> SOURCE RECORDS
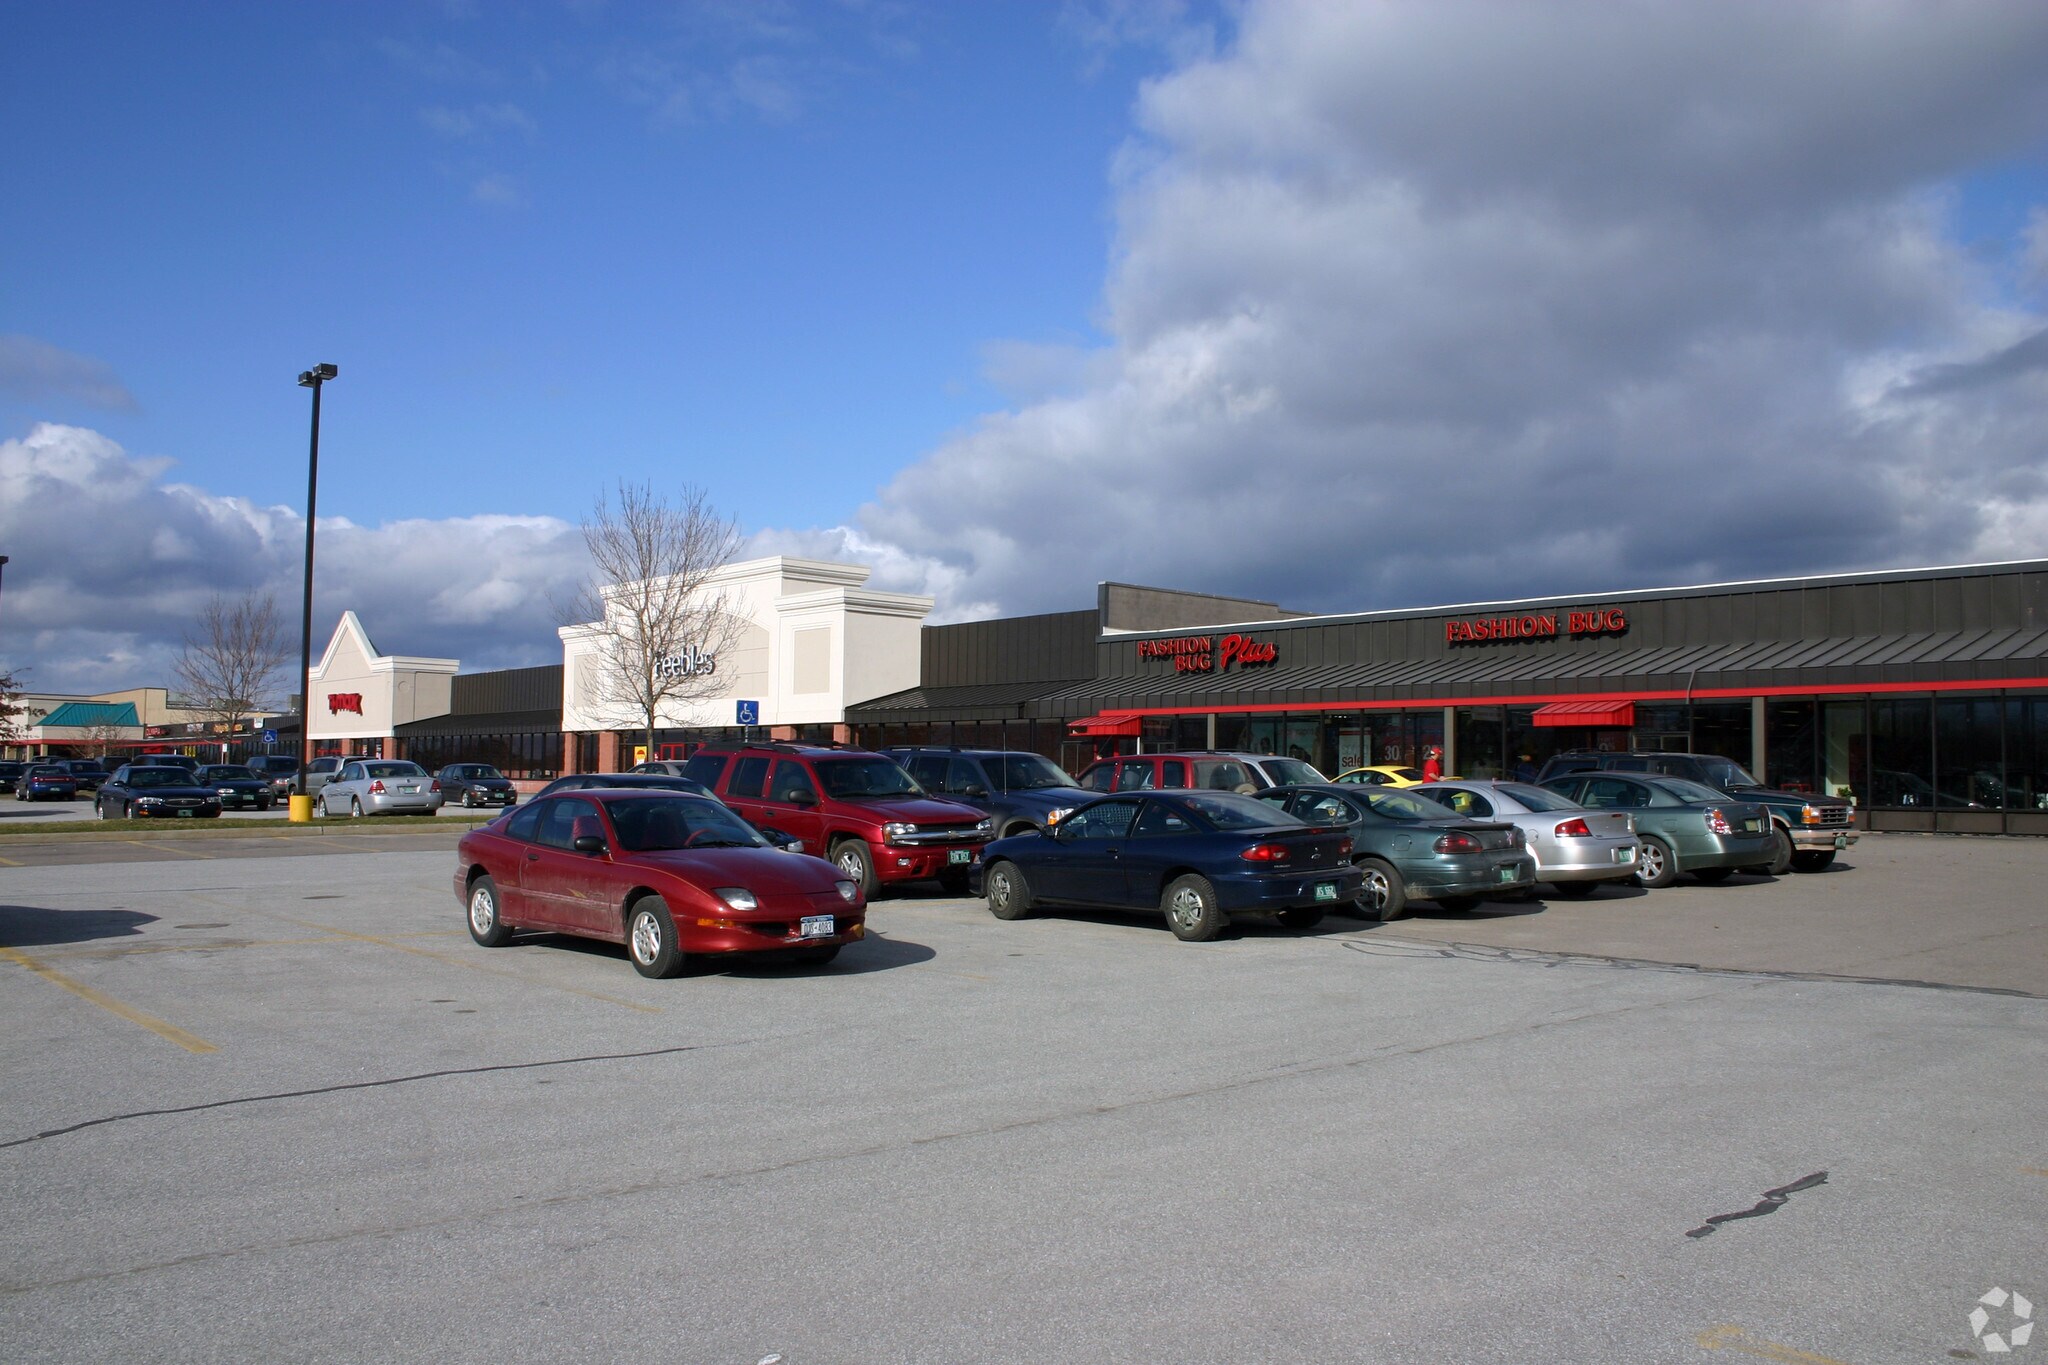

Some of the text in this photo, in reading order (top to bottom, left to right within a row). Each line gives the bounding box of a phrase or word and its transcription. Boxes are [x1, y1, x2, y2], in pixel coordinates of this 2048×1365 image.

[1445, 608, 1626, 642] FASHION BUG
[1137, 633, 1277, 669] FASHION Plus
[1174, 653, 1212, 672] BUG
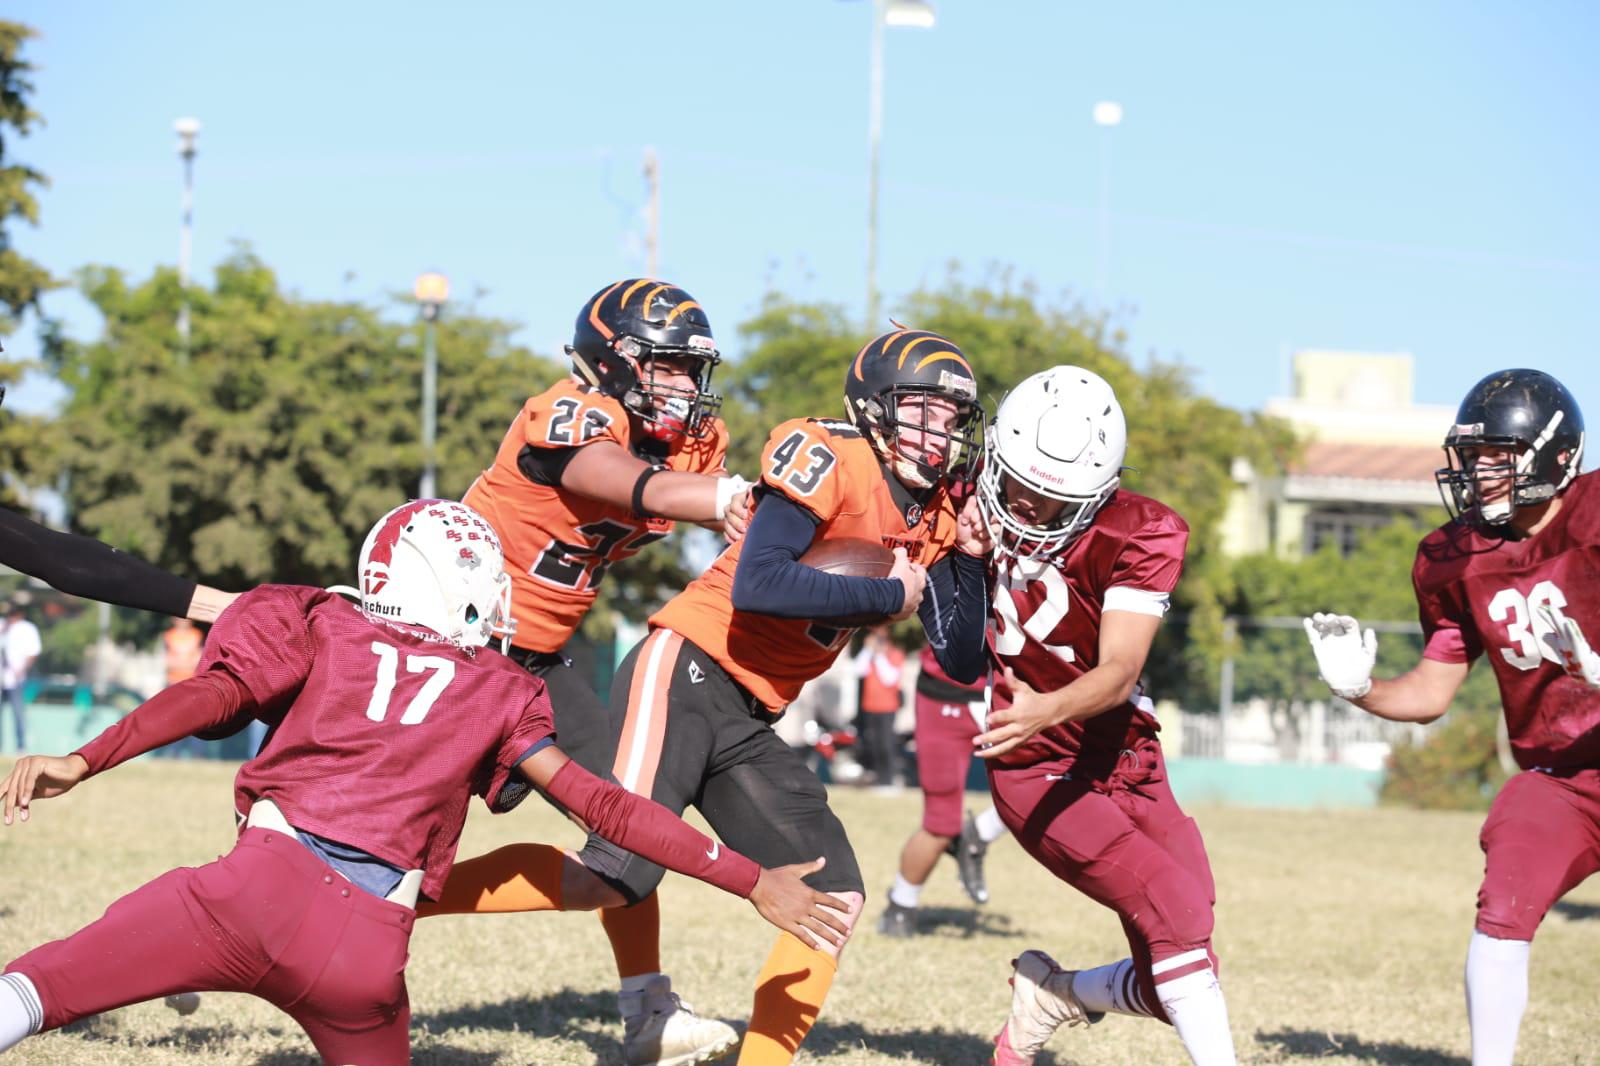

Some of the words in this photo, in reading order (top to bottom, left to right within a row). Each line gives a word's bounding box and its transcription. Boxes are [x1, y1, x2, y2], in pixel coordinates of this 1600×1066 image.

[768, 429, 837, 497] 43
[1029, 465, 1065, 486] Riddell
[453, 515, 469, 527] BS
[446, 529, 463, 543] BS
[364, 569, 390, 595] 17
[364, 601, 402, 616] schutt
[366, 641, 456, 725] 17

> ACTIVITY
The expected output is each record, copied exactly, and nothing in place of the pictures.

> REPLY
Some of the text in this photo, in reading order (top to bottom, left to right within a row). Each line gives the bounding box of a phrase or word and its transcription. Boxes are [x1, y1, x2, y2], in pixel coordinates of this 2048×1365 image.

[1445, 608, 1626, 642] FASHION BUG
[1137, 633, 1277, 669] FASHION Plus
[1174, 653, 1212, 672] BUG

Some of the words in this photo, in reading order (top to bottom, left to right within a row). Each line gives a word's bounding box and its transcription. Boxes are [x1, y1, x2, y2], in pixel coordinates of this 1600×1066 image.

[768, 429, 837, 497] 43
[1029, 465, 1065, 486] Riddell
[453, 515, 469, 527] BS
[446, 529, 463, 543] BS
[364, 569, 390, 595] 17
[364, 601, 402, 616] schutt
[366, 641, 456, 725] 17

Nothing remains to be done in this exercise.